Age cannot wither her, nor custom stale her infinite variety*
Yesterday was women’s equality day or something like that. I don’t usually pay attention to artificial ’cause X’ days but yesterday got me thinking about important women from times long past. And while I would not deny that throughout much of history regular women have had a hard time being heard, I would venture to say that exceptional women have always been right in the thick of things with the men. Take the 18th dynasty pharaoh, Hatshepsut, who ruled Egypt after her husband died.
Okay, she did have to depict herself as a man sometimes and they did erase her name after she died, but while she ruled, she ruled!
And let’s not forget that wonderful Assyrian, Naqi’a, who became the power behind the throne while her son, Esarhaddon, ruled. Here she is depicted on a bronze relief that is now in the Louvre. She is standing behind the king and they are performing a ritual. The rarity of the scene — nothing else like it has ever been found — attests to her power.
In 5th century BC Athens, Pericles’ mistress, Aspasia, gained the public’s admiration through her intellect, social sophistication, and looks — just like the men of the time. How do you think Alcibiades or Pericles himself got so famous?
Centuries later, Cleopatra VII became infamous for killing her relatives and having affairs with Julius Caesar and Mark Antony.
She wasn’t a nice person, but as a queen she couldn’t afford to be any different from her male competitors, who weren’t nice either. Everyone used guile, sex, wit, and charisma to gain power. They still do. Let’s not forget that none of these powerful women went out of their way to help other women. And that is not something that you can blame entirely on men. Recognizing the power of the people, Caesar, at least, made reforms to help them out.

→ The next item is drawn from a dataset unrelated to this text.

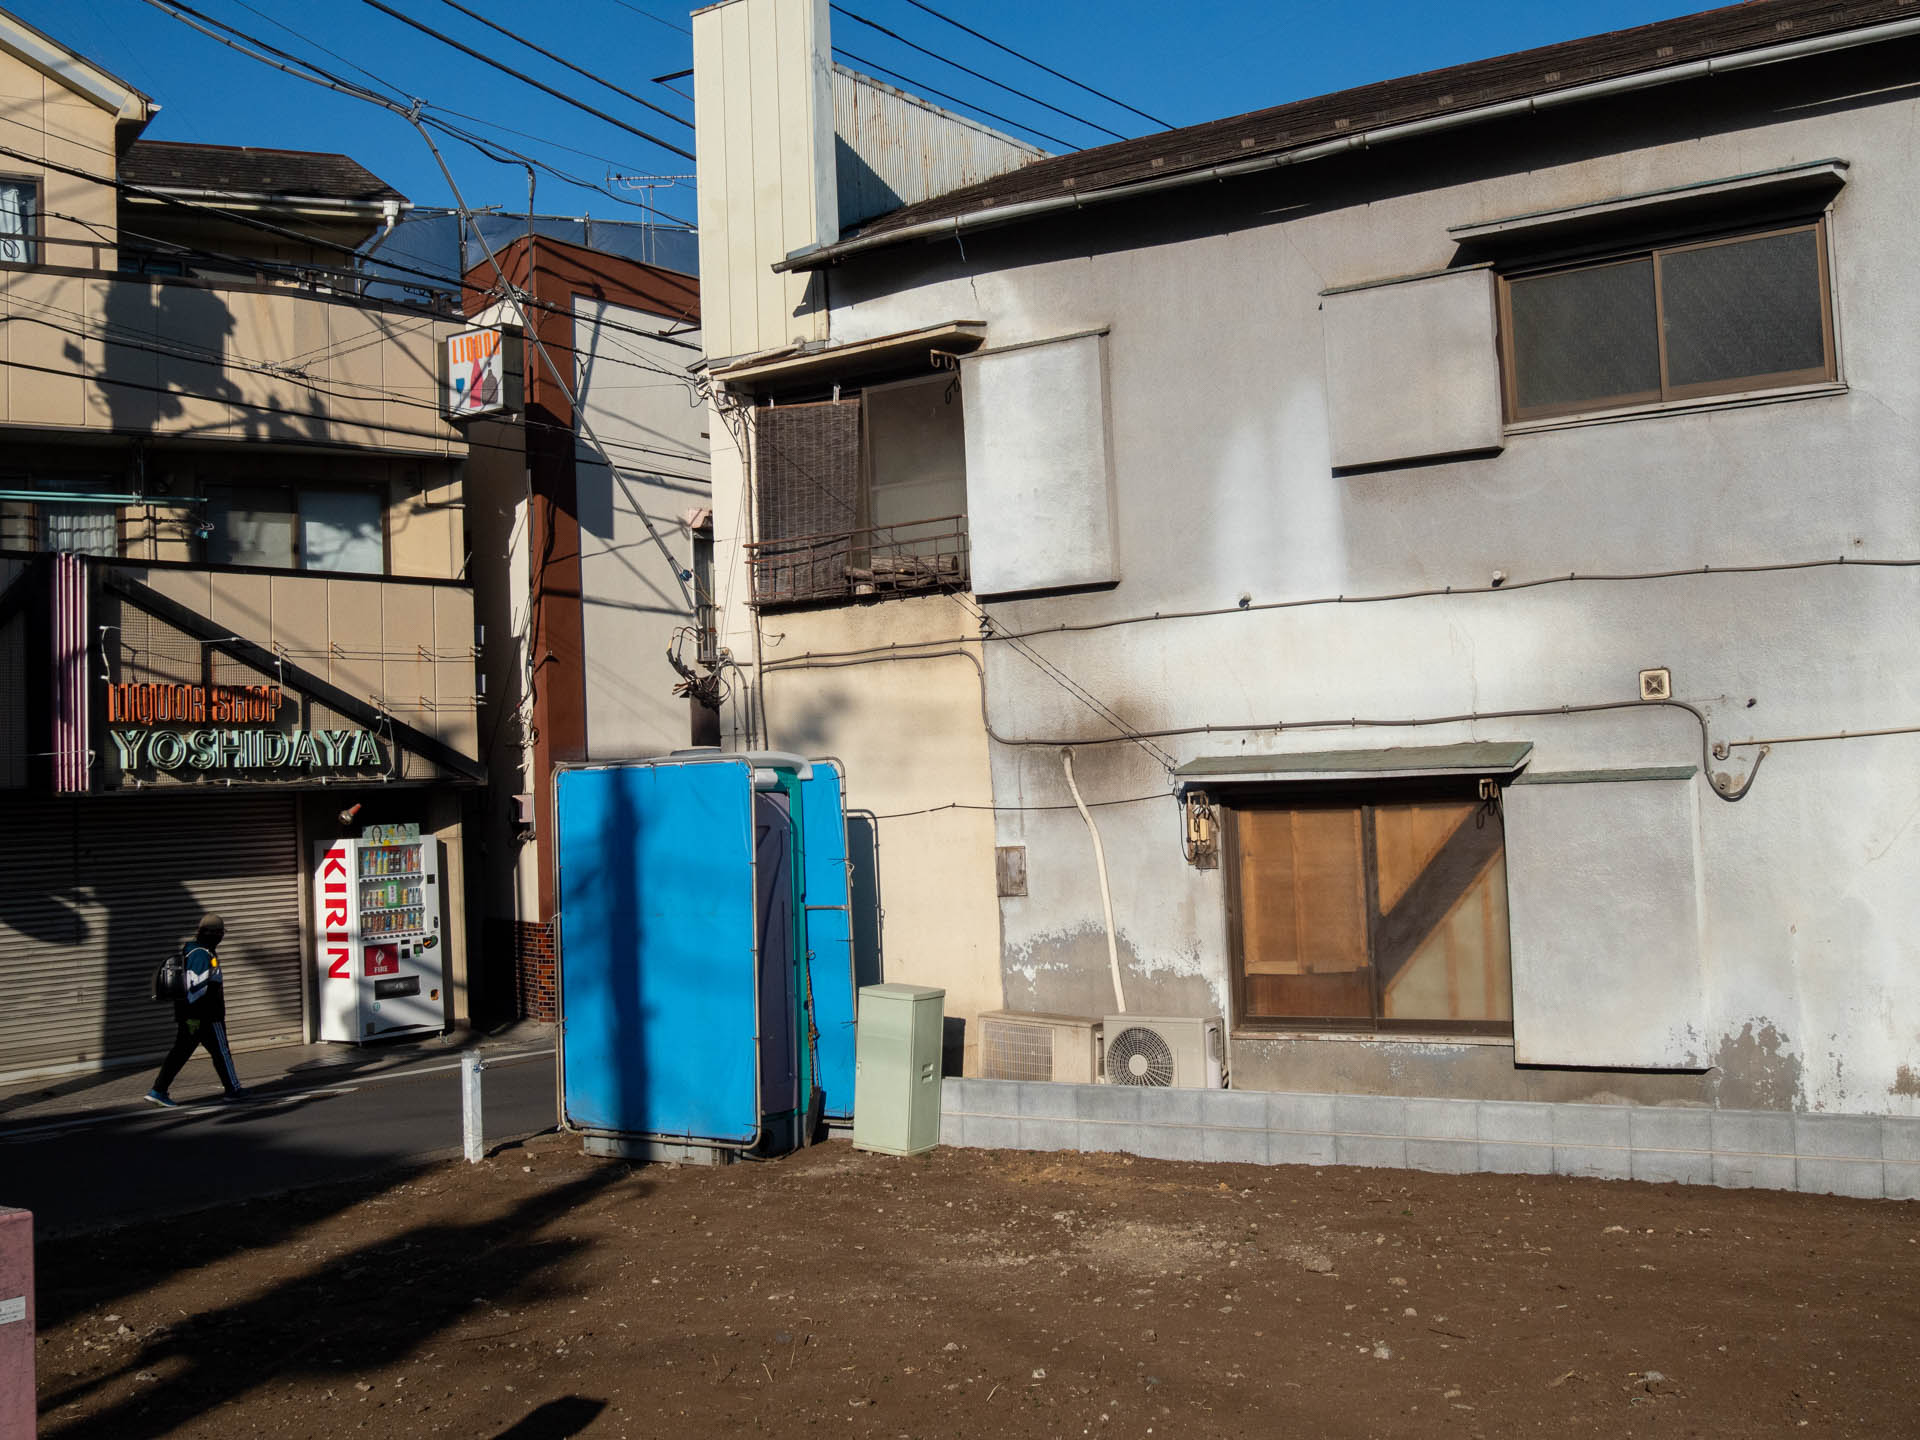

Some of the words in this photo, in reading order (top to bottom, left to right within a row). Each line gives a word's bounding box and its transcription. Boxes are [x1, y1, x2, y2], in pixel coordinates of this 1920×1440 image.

I read a lot of complaints that women get judged more harshly for doing the same things that men do. Perhaps that’s true, but in my view, bad behavior is bad behavior no matter who does it. I’ve never celebrated men for lying, cheating, using their bodies to get ahead, or being wholly self-serving. Charm and beauty are nice — it’s how you use them that matters. Maybe we’d do better to emphasize that.